Mun Chol Myong, a 55-year-old North Korean national, was sentenced in U.S. federal district court in Washington in January to time served of 45 months in prison for a money laundering scheme to evade U.S. and U.N. sanctions aimed at curbing North Korea’s nuclear and missile programs.
“Consistent with Mun’s preferences, U.S. Immigration and Customs Enforcement facilitated his removal from the United States to the People’s Republic of China earlier this month,” said the ICE spokesperson in a statement sent to the VOA Korean Service on Tuesday.
During his sentencing hearing on January 20, Mun expressed his desire to go to China. His wife is battling cancer there, said Mun’s attorney at the hearing. There are anywhere from 10,000 to 300,000 North Koreans living in hiding in China, according to Human Rights Watch.
The VOA Korean Service learned that after his sentencing, Mun was held at an ICE detention facility in Bowling Green, Virginia, before being deported to China earlier this month.

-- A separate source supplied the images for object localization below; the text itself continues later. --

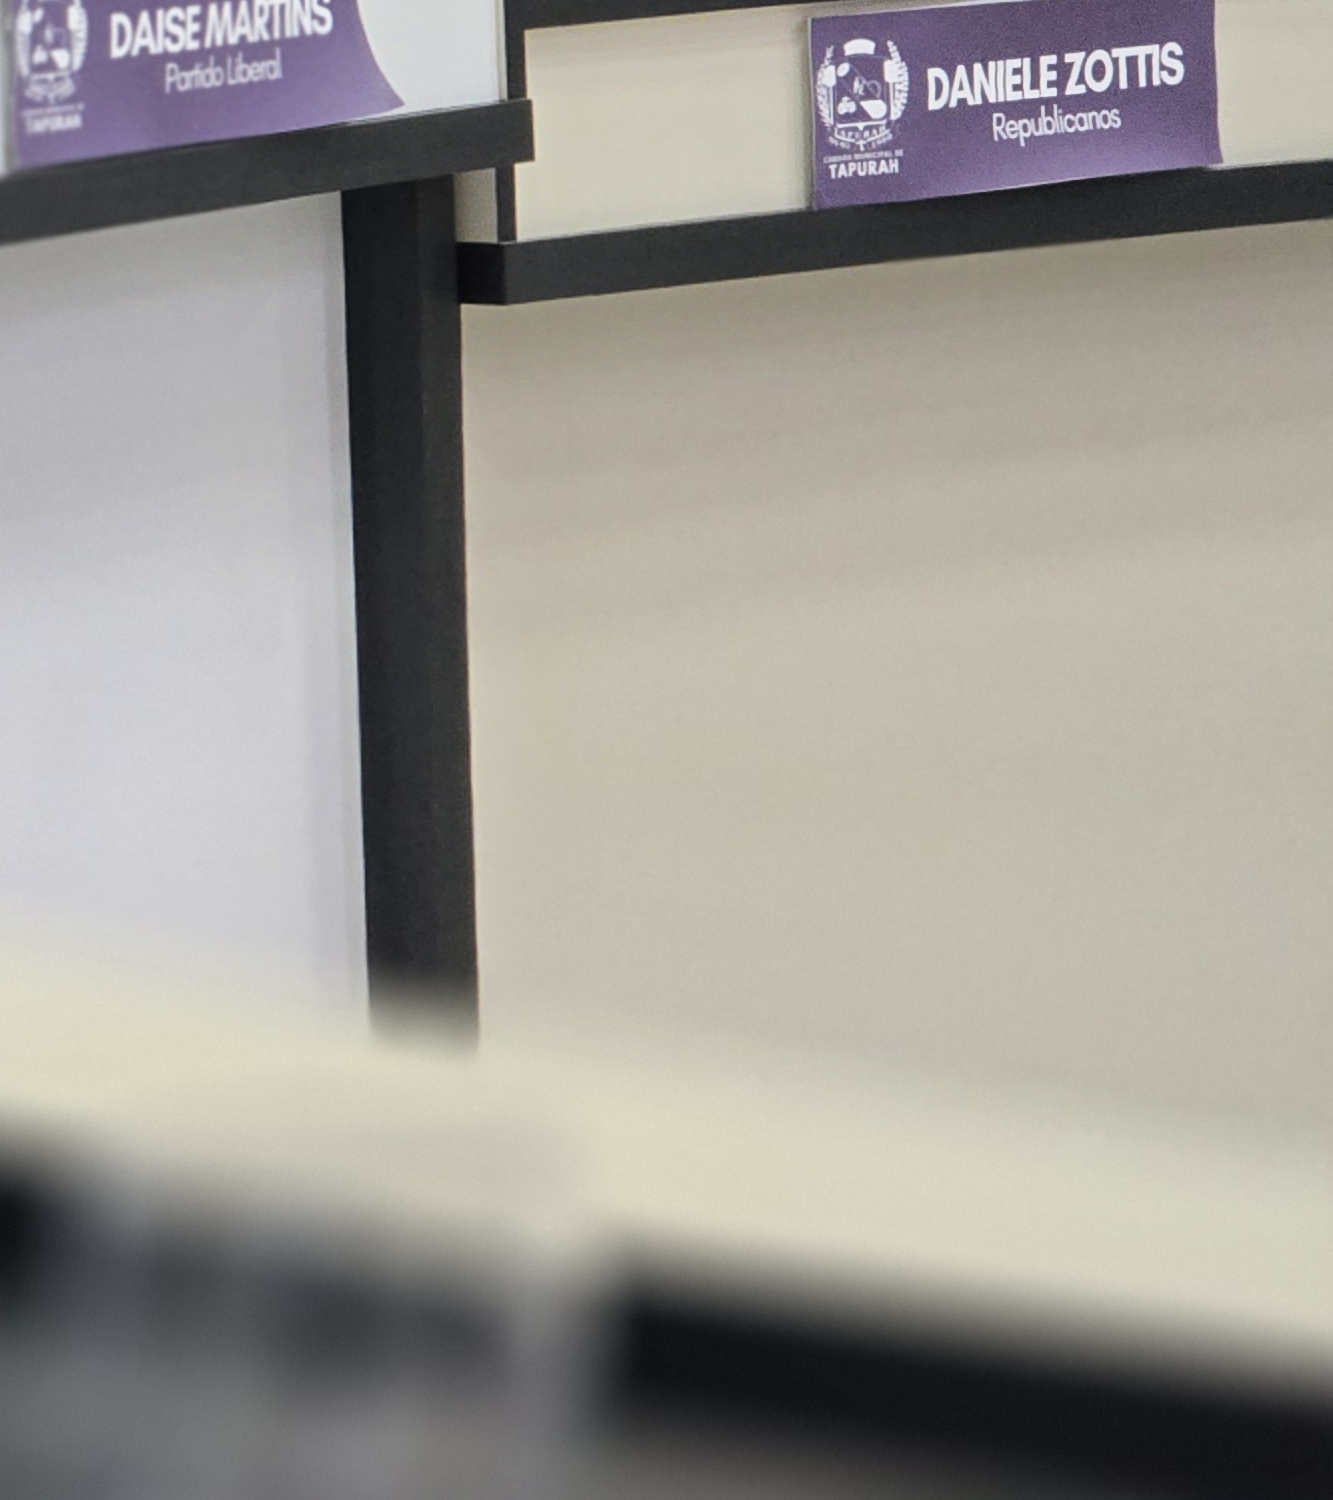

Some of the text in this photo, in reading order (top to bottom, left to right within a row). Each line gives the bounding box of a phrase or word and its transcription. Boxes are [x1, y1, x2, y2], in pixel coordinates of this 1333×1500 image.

[110, 1, 202, 59] DAISE
[164, 48, 282, 94] Partido Liberal
[926, 41, 1185, 112] DANIELE ZOTTIS
[992, 104, 1122, 148] Republicanos
[828, 158, 900, 179] TAPURAH

The U.S. officially banned North Korea from accessing the U.S. financial system in November 2016, following North Korea’s fifth nuclear test two months earlier.
Importing luxury goods is prohibited by U.N. sanctions issued in October 2006 after North Korea conducted its first nuclear test.

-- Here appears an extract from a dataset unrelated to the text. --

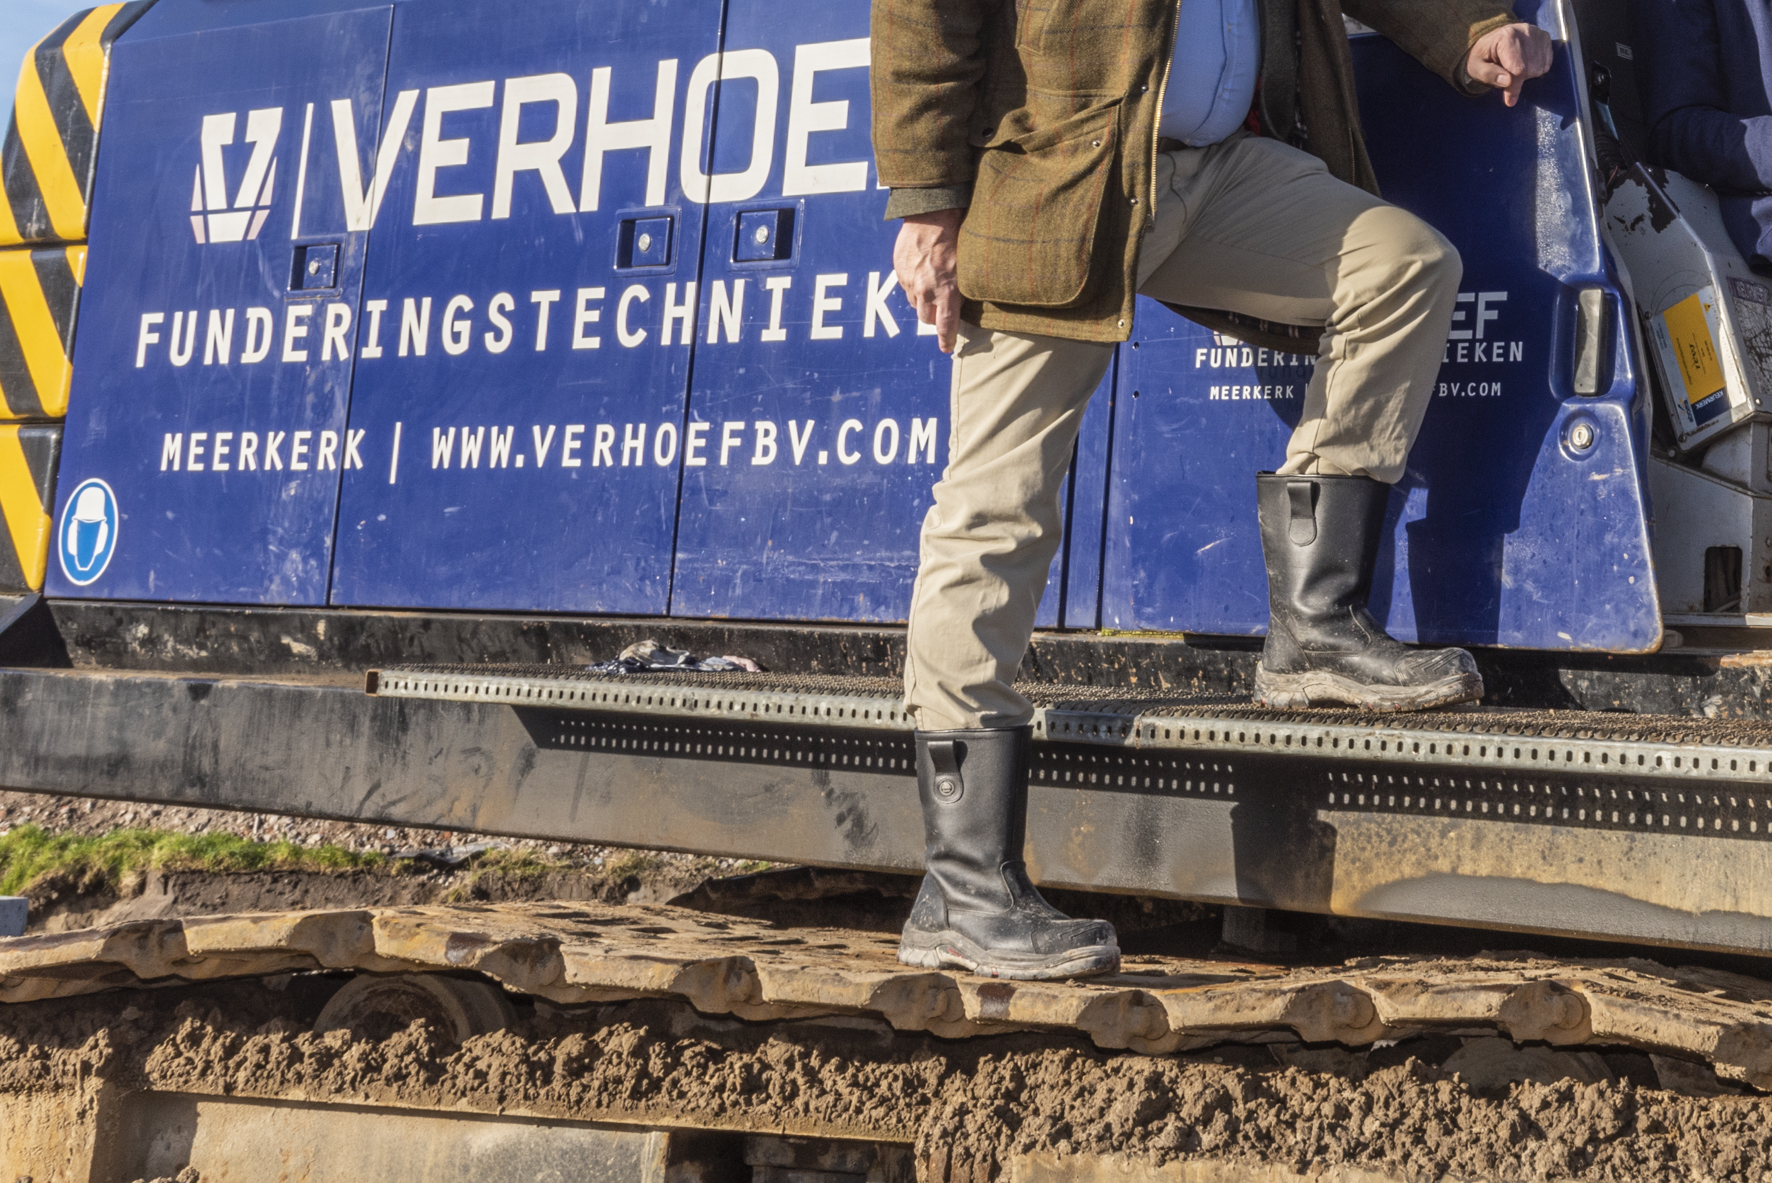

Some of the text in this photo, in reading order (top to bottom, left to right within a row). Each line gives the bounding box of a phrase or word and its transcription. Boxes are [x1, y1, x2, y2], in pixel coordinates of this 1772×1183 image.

Despite the sanctions, North Korea has been using evasion schemes to tap as many as 90 countries to procure luxury goods between 2015 and 2017, according to a study by the Center for Advanced Defense Studies (C4ADS), a Washington-based think tank.

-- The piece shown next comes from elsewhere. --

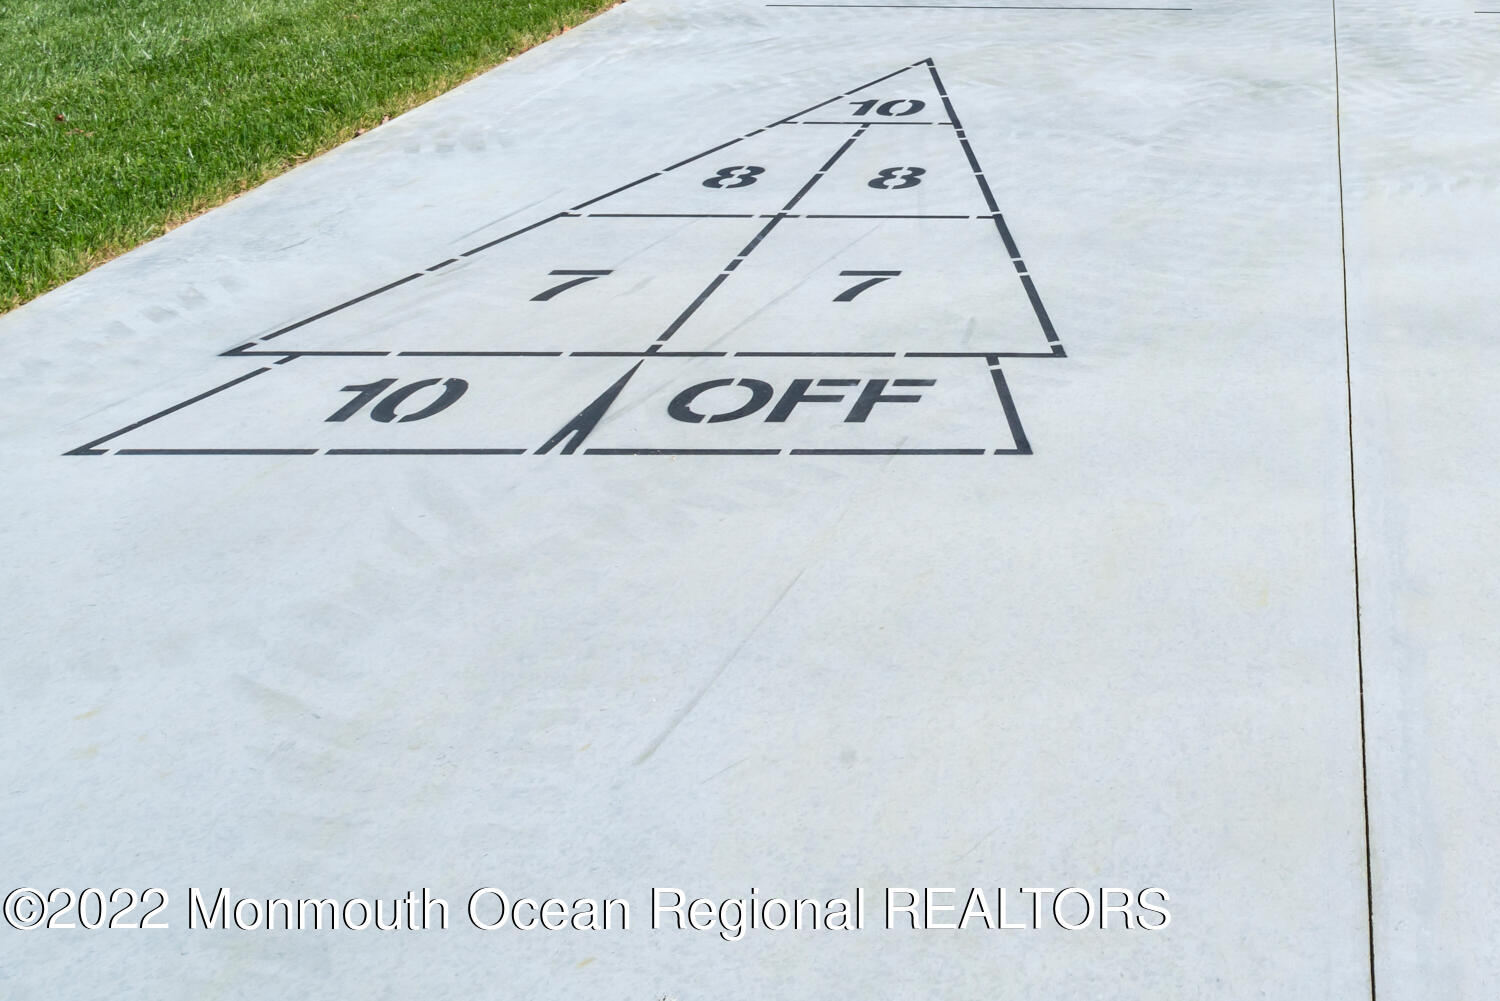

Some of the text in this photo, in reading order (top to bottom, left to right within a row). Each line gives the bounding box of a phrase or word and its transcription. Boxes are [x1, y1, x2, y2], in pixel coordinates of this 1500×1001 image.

[850, 100, 926, 117] 10
[702, 165, 926, 190] 8 8
[530, 269, 902, 302] 7 7
[325, 377, 938, 424] 10 OFF

Stay informed. Subscribe to our newsletter
Mun was sentenced for making illicit transactions of more than $1.2 million between April 2013 and November 2018 using shell companies and fake documents, according to a statement released by the U.S. Justice Department in January.
“Mun and his co-conspirators used a network of front companies and falsified transaction records to conceal that the payments benefited sanctioned North Korean entities and thereby deceived U.S. correspondent banks into executing correspondent banking transactions that they would otherwise have rejected,” said the statement.
“His actions were part of a scheme to launder money through the U.S. financial system to provide luxury items to the DPRK,” said the ICE spokesperson.
The DPRK stands for North Korea’s official name, the Democratic People’s Republic of Korea.
The VOA Korean Service contacted the North Korean Mission to the U.N. requesting comments on Mun’s deportation but did not receive a reply.
The North Korean man conducted money laundering schemes while working as a businessman in Malaysia. He was arrested by the Malaysian authorities in May 2019 at the request of the U.S. and was extradited to the United States in March 2021.
“Mun was the first-ever DPRK national to be extradited to the United States,” said the ICE spokesperson.
North Korea severed diplomatic relations with Malaysia after the extradition. In response, Malaysia closed its embassy in Pyongyang.
After being extradited to the U.S., Mun pleaded guilty but avoided a trial under what is known as an Alford plea over the objection of the U.S., according to the Justice Department’s statement.
Under an Alford plea, the defendant proclaims innocence while acknowledging there is sufficient evidence to secure a conviction. An Alford plea avoids a criminal trial because the defendant agrees to accept the punishment that would attach to a guilty plea.
Mun was affiliated with North Korea’s intelligence organization, the Reconnaissance General Bureau (RGB), which is sanctioned by the U.S. and U.N., according to the U.S. Justice department. The RGB operates outside the North Korean military structure and “is involved in terrorist, clandestine and illicit activities,” according to a report by the Foundation for Defense of Democracies.
The U.S. Treasury Department has sanctioned the RGB twice. In 2010, the RGB was sanctioned for conducting illicit activities including arms trading and money laundering for North Korea. The U.S. Treasury Department sanctioned it again in 2015 following North Korea’s cyberattack targeting Sony Pictures Entertainment.
The U.N. sanctioned the RGB after North Korea’s fourth nuclear test in 2016.